When the Wine Runs Out - Reflecting on the Character of God

 If you were God and you’d come to earth to show people what God was like, what would you do first?

 

As a campus minister I used to spend hours every week initiating conversations about life with God with college students.  This question was one of my favorites.  It created a safe space for students to exercise their theological imagination without pressure to be sophisticated or nuanced.  I also appreciated the surprise when I told them that, according to the Gospel of John, this scenario played out, but that Jesus’ first move was to make 168 gallons of wine for a party.   

 

There is something wonderfully non-intuitive about the first of the seven “signs” of Jesus in John’s Gospel.  In this first sign Jesus transforms water into wine at a wedding, covering the bridegroom’s (and his family’s) shame.  John ends this story by saying that this sign caused his disciples to believe in him, revealing his glory. 

It is a story rich with symbolism and allusion we may not see at first.

- An abundance of wine evokes the messianic banquet of Isaiah 25:6. 

- Allusions to time or hour look forward to Jesus’ crucifixion, where this first sign is inverted. Here Jesus receives water and makes wine. There Jesus receives sour wine, and water, along with blood, flow from his side. 

- The language of glory evokes the promise of Isaiah 40:5, but with a strange twist. Those who "see his glory" are those who ‘do whatever he tells them’ and those who 'believe in his name'. 

 

What do all these symbols and allusions mean?  College students uninstructed theological imaginations are closer than you’d think.  After asking the question above, “If you were God…” hundreds of times, the most common response was, “I’d cure cancer, disease, poverty, AIDS, or some other disastrous condition plaguing humanity.”  The second most common response was, “I’d get rid of all the bad people.” 

 

John’s gospel actually affirms this impulse although with a little more precision.  John’s symbolic language for a time when diseases are healed, wars ceased, nations and families reconciled, and social harmony is the messianic banquet.  By creating an abundance of wine, Jesus is not only solving a social dilemma he’s invoking a vision of healing, harmony, and hope imprinted on the human soul.  

 

Getting rid of bad people is a bit more complicated.  As Aleksandr Solzhenitsyn wrote, 

“If only it were all so simple!

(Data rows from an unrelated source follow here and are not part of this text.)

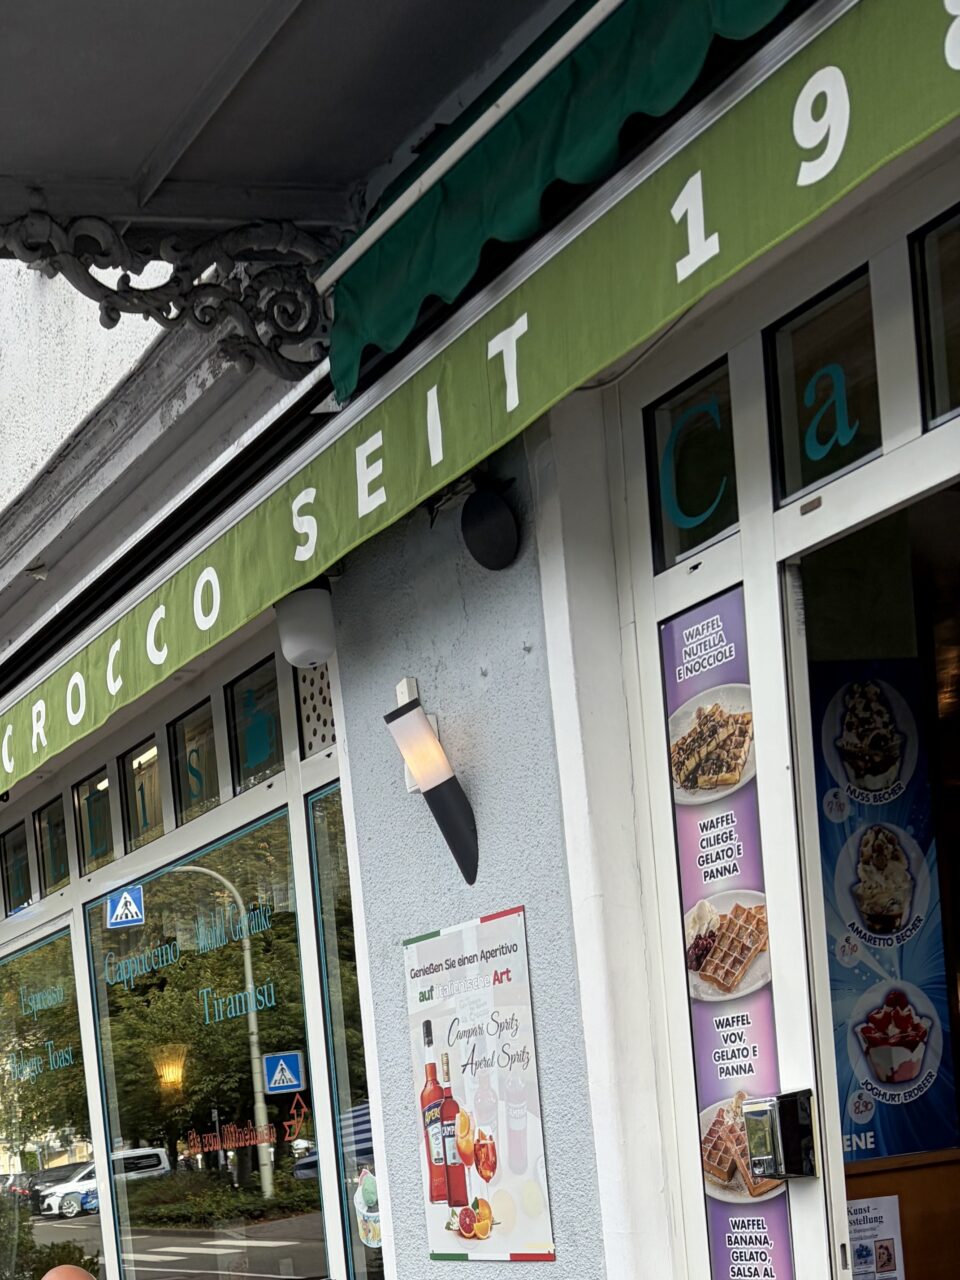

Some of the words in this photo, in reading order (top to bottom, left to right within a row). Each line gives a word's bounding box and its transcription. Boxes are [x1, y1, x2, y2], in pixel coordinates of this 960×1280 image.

[1, 566, 221, 774] CROCCO
[291, 311, 529, 562] SEIT
[684, 617, 722, 642] WAFFEL
[683, 633, 725, 661] NUTELLA
[677, 668, 683, 681] E
[685, 645, 734, 677] NOCCIOLE
[846, 784, 871, 803] NUSS
[872, 782, 905, 804] BECHER
[699, 812, 736, 834] WAFFEL
[700, 829, 738, 850] CILIEGE,
[697, 846, 734, 867] GELATO
[736, 844, 742, 856] E
[703, 862, 739, 882] PANNA
[847, 922, 894, 948] AMARETTO
[895, 915, 924, 944] BECHER
[104, 939, 180, 991] Cappuccino
[410, 962, 444, 979] Genießen
[445, 958, 457, 970] Sie
[457, 953, 478, 967] einen
[480, 943, 518, 963] Aperitivo
[419, 985, 435, 1002] auf
[493, 967, 512, 985] Art
[487, 1010, 520, 1039] Spritz
[714, 1013, 751, 1030] WAFFEL
[722, 1031, 746, 1045] VOV,
[45, 1039, 74, 1072] Toast
[497, 1043, 530, 1071] Spritz
[713, 1046, 750, 1062] GELATO
[752, 1045, 758, 1057] E
[719, 1062, 755, 1077] PANNA
[861, 1079, 901, 1102] JOGHURT
[903, 1071, 936, 1101] ERDBEER
[730, 1218, 767, 1230] WAFFEL
[727, 1235, 774, 1248] BANANA,
[731, 1251, 771, 1263] GELATO,
[730, 1266, 760, 1278] SALSA
[763, 1267, 775, 1278] AL

If only there were evil people somewhere insidiously committing evil deeds, and it were necessary only to separate them from the rest of us and destroy them. But the line dividing good and evil cuts through the heart of every human being. And who is willing to destroy a piece of his own heart?”  

The direct references to Jesus’ crucifixion, where this sign will be inverted, is John’s solution to Solzhenitsyn’s dilemma.  In the mystery of the crucifixion human evil is exposed, condemned, and overcome through Jesus’ submitting to torture and death on behalf of those he loves.  This is an ultimate act of restoring, rather than simply removing, the bad apples.  

 

This sign is designed to show us God’s glory in the generous, self-giving, compassionate, and yet sill partially hidden life of Jesus.  Though this sign we are invited to shake our heads in appreciative wonder at the generosity of God revealed in Jesus.  And we are invited to trust in Jesus’ way.  

 

Where do you feel like you’ve run out of wine?  

 

What one simple way you could practice the way of Jesus this week?